Он просыпался, впадал в беспамятство, только ощущая мягкое убаюкивающее покачивание. Девочка несла его на руках. Он просыпался и засыпал и чувствовал только эти медленные гипнотические качели…
Сколько они так шли? Час или день или неделю? Почему она не уставала?
— Где мы? — Черников шевельнулся, осматриваясь вокруг. Он лежал на мраморном полу какого-то супермаркета бытовой технике. Внутри салона включен только дежурный свет. Кругом ряды с телевизорами, мониторами и другой электронной хренью. Слабость во всем теле отнимало последнее желание подняться, но голова прояснялась. Потом показалась девчонка с двумя кульками.
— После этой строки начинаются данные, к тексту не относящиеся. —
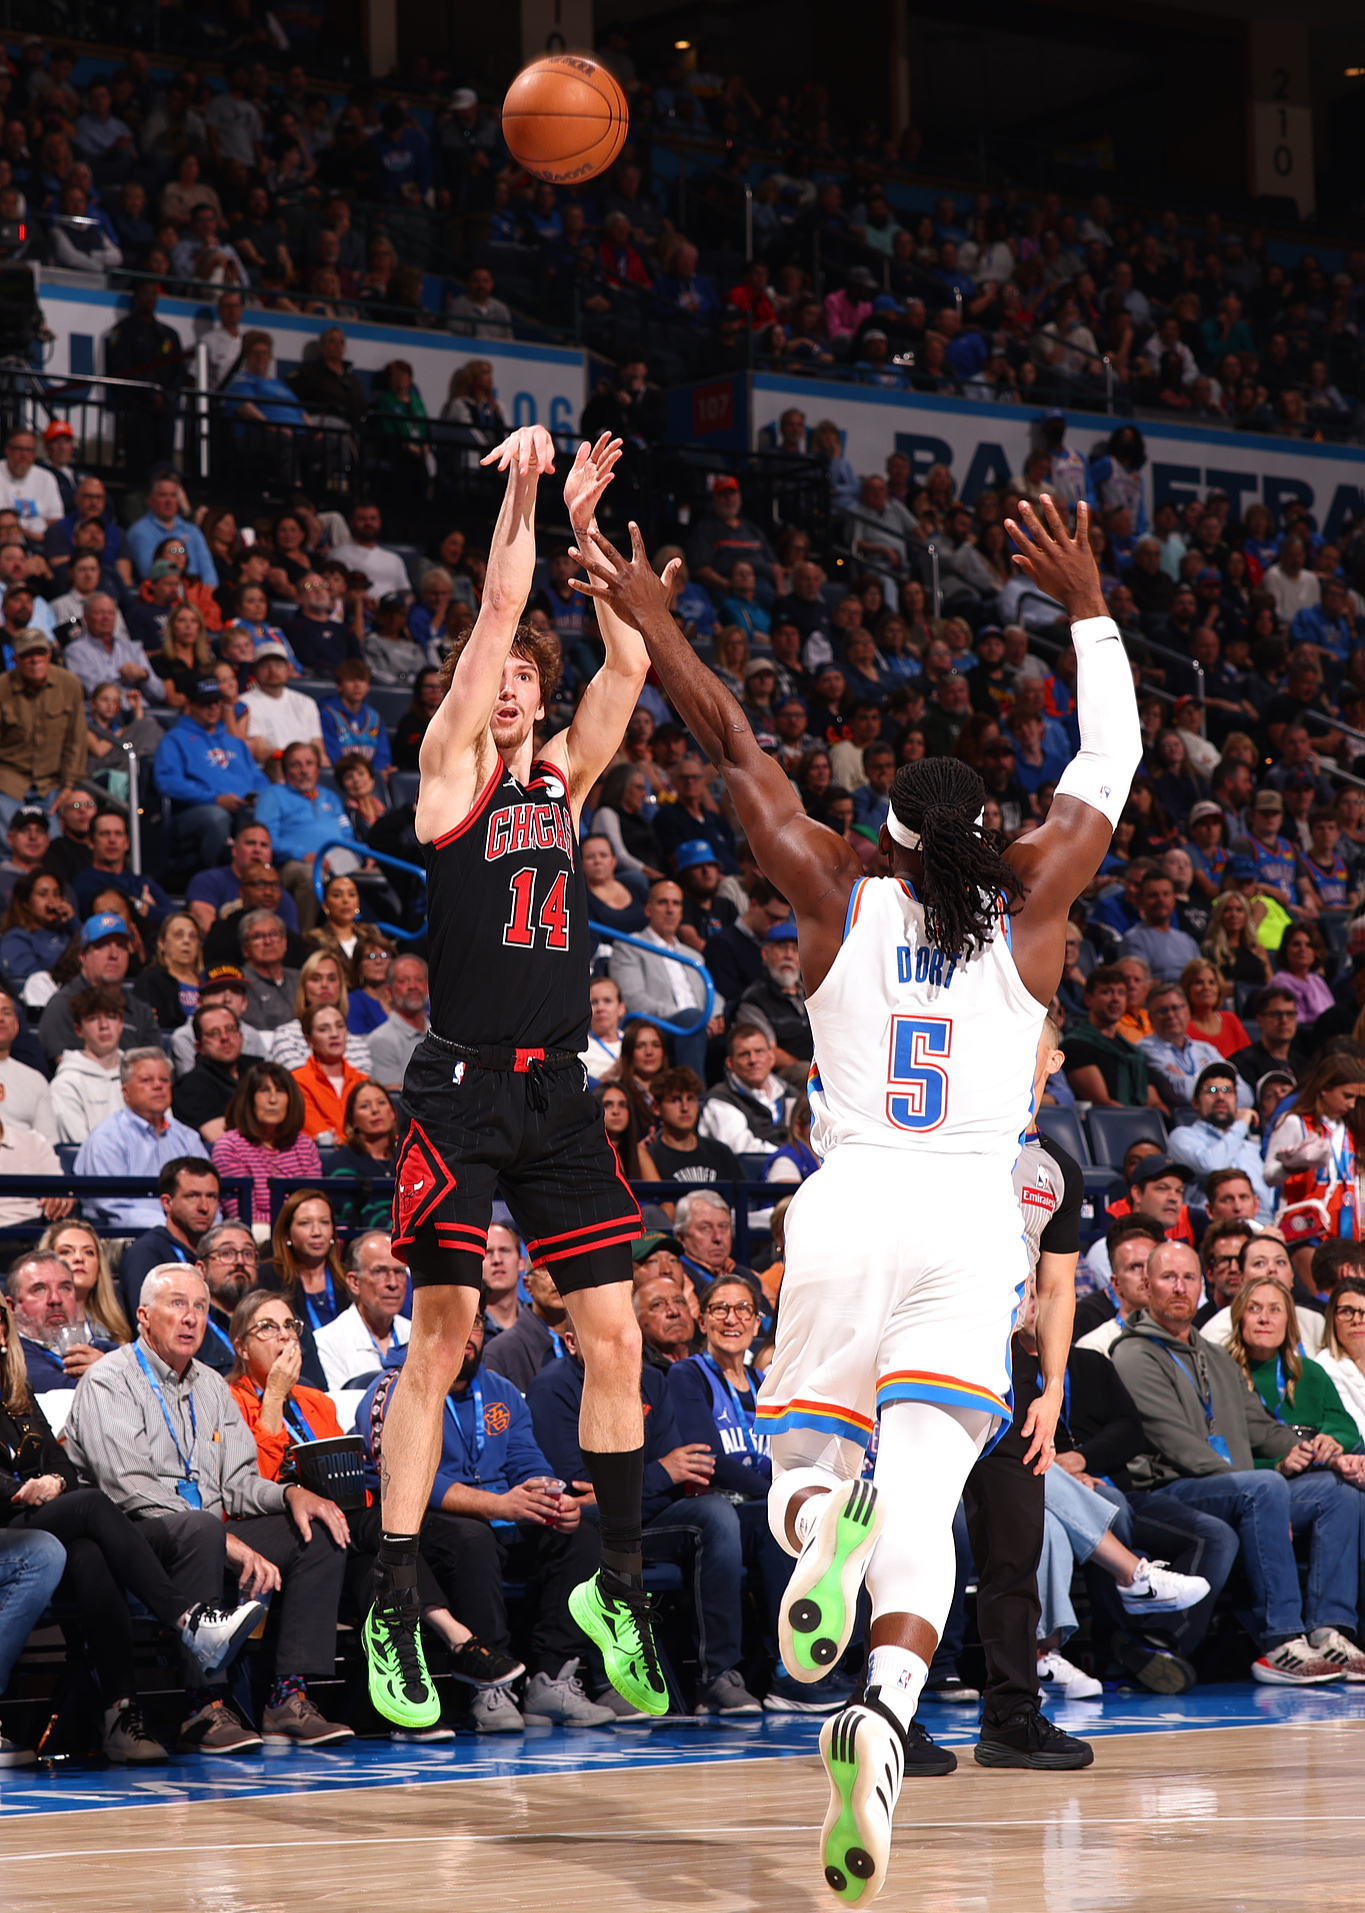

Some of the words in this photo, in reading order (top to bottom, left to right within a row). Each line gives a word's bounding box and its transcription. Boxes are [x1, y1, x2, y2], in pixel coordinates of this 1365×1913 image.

[1271, 68, 1293, 176] 210
[493, 388, 574, 454] 06
[698, 392, 731, 423] 107
[485, 802, 575, 874] CHCA
[502, 866, 570, 951] 14
[897, 946, 962, 989] DORT
[886, 1014, 953, 1133] 5
[1023, 1189, 1055, 1208] Emirates
[719, 1426, 748, 1455] ALL
[3, 1739, 818, 1802] MIDFIRST
— Сейчас нормально поешь. Держала тебя на уколах.
— А где мы?
— Уже близко твоя локация. Это Кишинев 2020. Нашла "проходной" телевизор, он был в магазине.
— Нас не найдут?
— Сейчас глубокая ночь. Охранники крепко спят. Поставила блокировку на сигнализации и видеокамеры. Потом маскировочные поля. Ты сейчас невидимка. Потом решила сходить в магазин — тебе надо поесть. Ночью мало что работает, пока нашла дежурный маркет. Потом разбиралась с деньгами. Сняла что-то в банкомате. Продукты проверила только первичным анализом. Здесь, какая-та эпидемия, ходят в масках. Бактериологический, биохимический анализ крови — ничего критического… Главное я зарядилась по полной…
— Как тебя девочка звать?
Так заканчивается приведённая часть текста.